(Aim of the task): An exact copy of the data is needed, but without any of its images.

(Dataset extract):
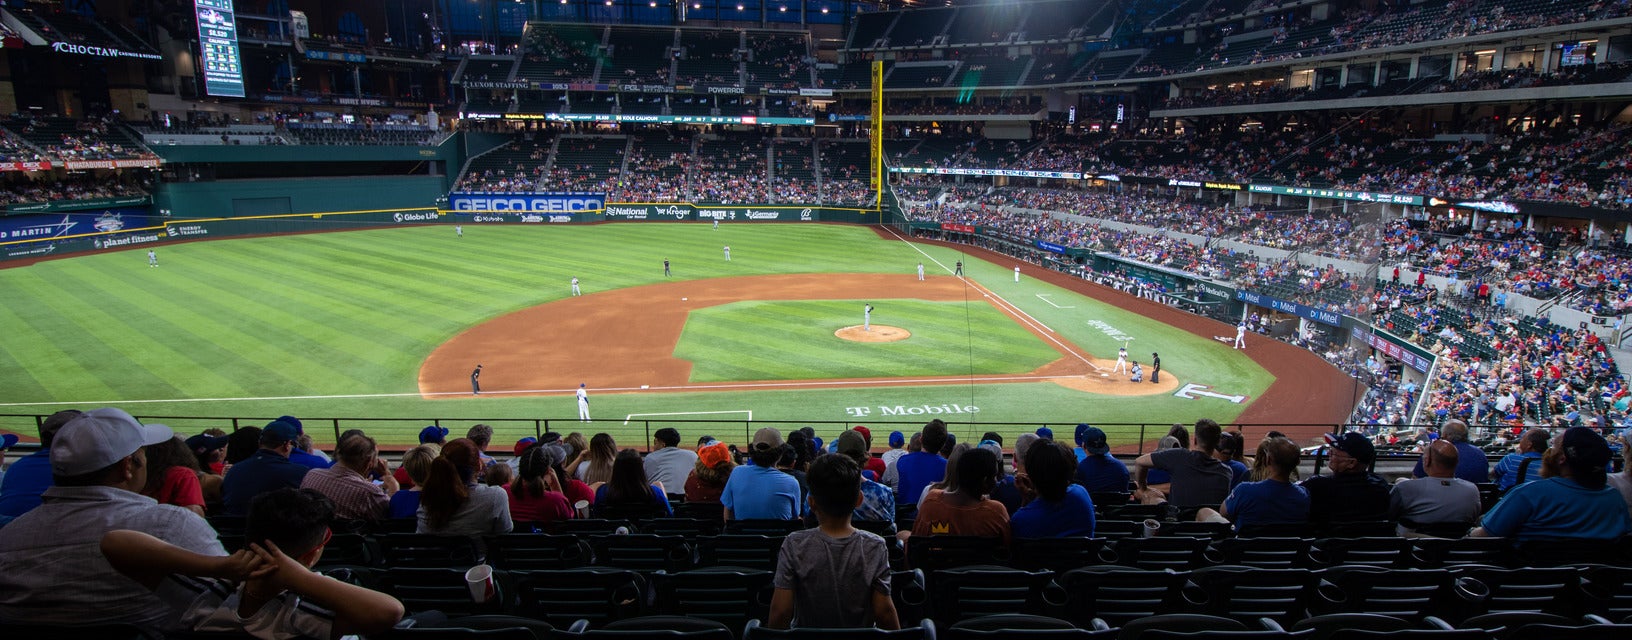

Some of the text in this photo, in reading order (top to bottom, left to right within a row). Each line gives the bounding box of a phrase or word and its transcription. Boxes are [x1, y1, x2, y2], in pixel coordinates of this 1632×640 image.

[59, 41, 119, 57] CHOCTAW
[708, 86, 744, 94] POWERADE
[454, 198, 602, 211] GEICO GEICO
[404, 212, 439, 221] Globe Life
[615, 208, 648, 216] National
[666, 205, 691, 219] Kroger
[12, 227, 52, 238] MARTIN
[103, 233, 159, 249] planet fitness
[1244, 293, 1260, 304] Mitel
[1279, 303, 1296, 313] Mitel
[1319, 311, 1338, 324] Mitel
[878, 403, 980, 417] Mobile
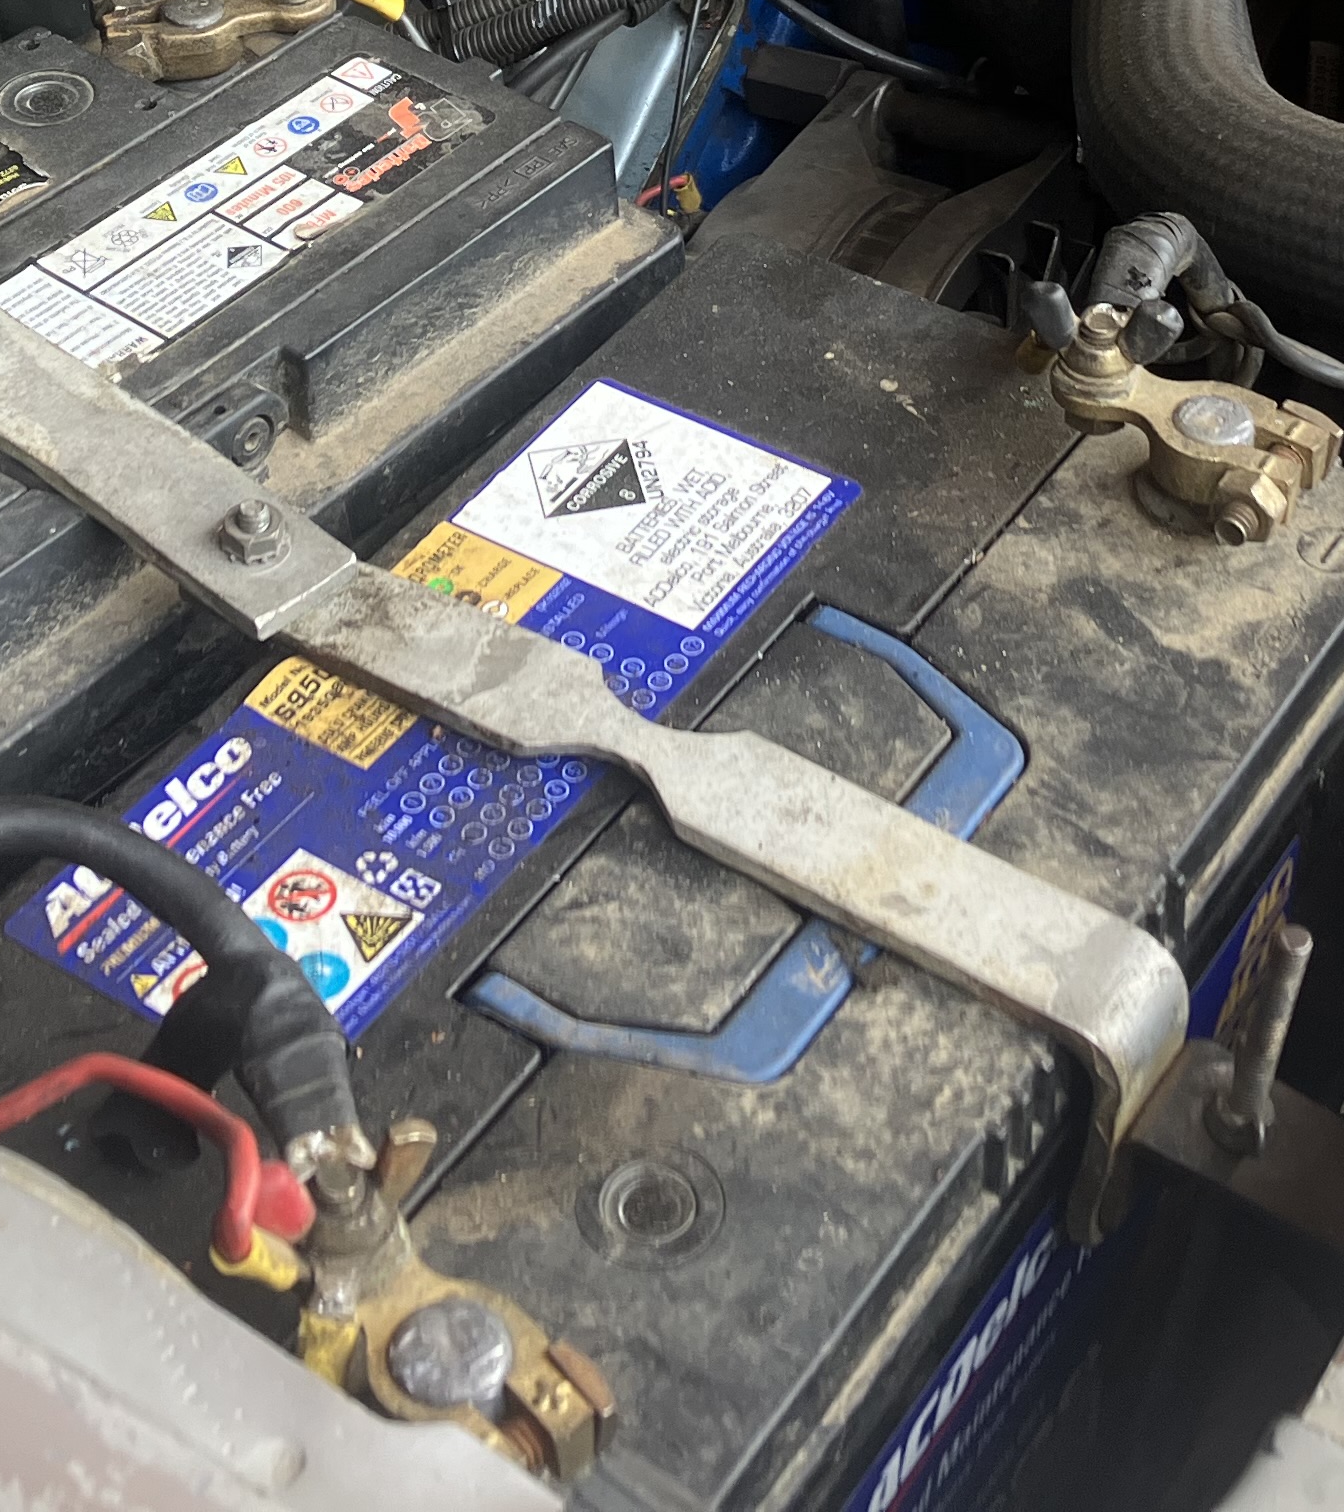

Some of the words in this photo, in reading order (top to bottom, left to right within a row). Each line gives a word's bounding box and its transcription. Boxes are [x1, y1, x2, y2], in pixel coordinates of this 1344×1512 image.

(Output below):
Some of the text in this photo, in reading order (top to bottom, left to right within a row). Each line gives the bounding box of a phrase or word and its transcription. Boxes are [x1, y1, x2, y2], in pixel coordinates of this 1632×640 image.

[59, 41, 119, 57] CHOCTAW
[708, 86, 744, 94] POWERADE
[454, 198, 602, 211] GEICO GEICO
[404, 212, 439, 221] Globe Life
[615, 208, 648, 216] National
[666, 205, 691, 219] Kroger
[12, 227, 52, 238] MARTIN
[103, 233, 159, 249] planet fitness
[1244, 293, 1260, 304] Mitel
[1279, 303, 1296, 313] Mitel
[1319, 311, 1338, 324] Mitel
[878, 403, 980, 417] Mobile

Some of the words in this photo, in reading order (top to bottom, left to right within a row). Each line gives a word's bounding box and its transcription. Boxes are [x1, y1, x2, y2], in pixel coordinates of this 1344×1512 image.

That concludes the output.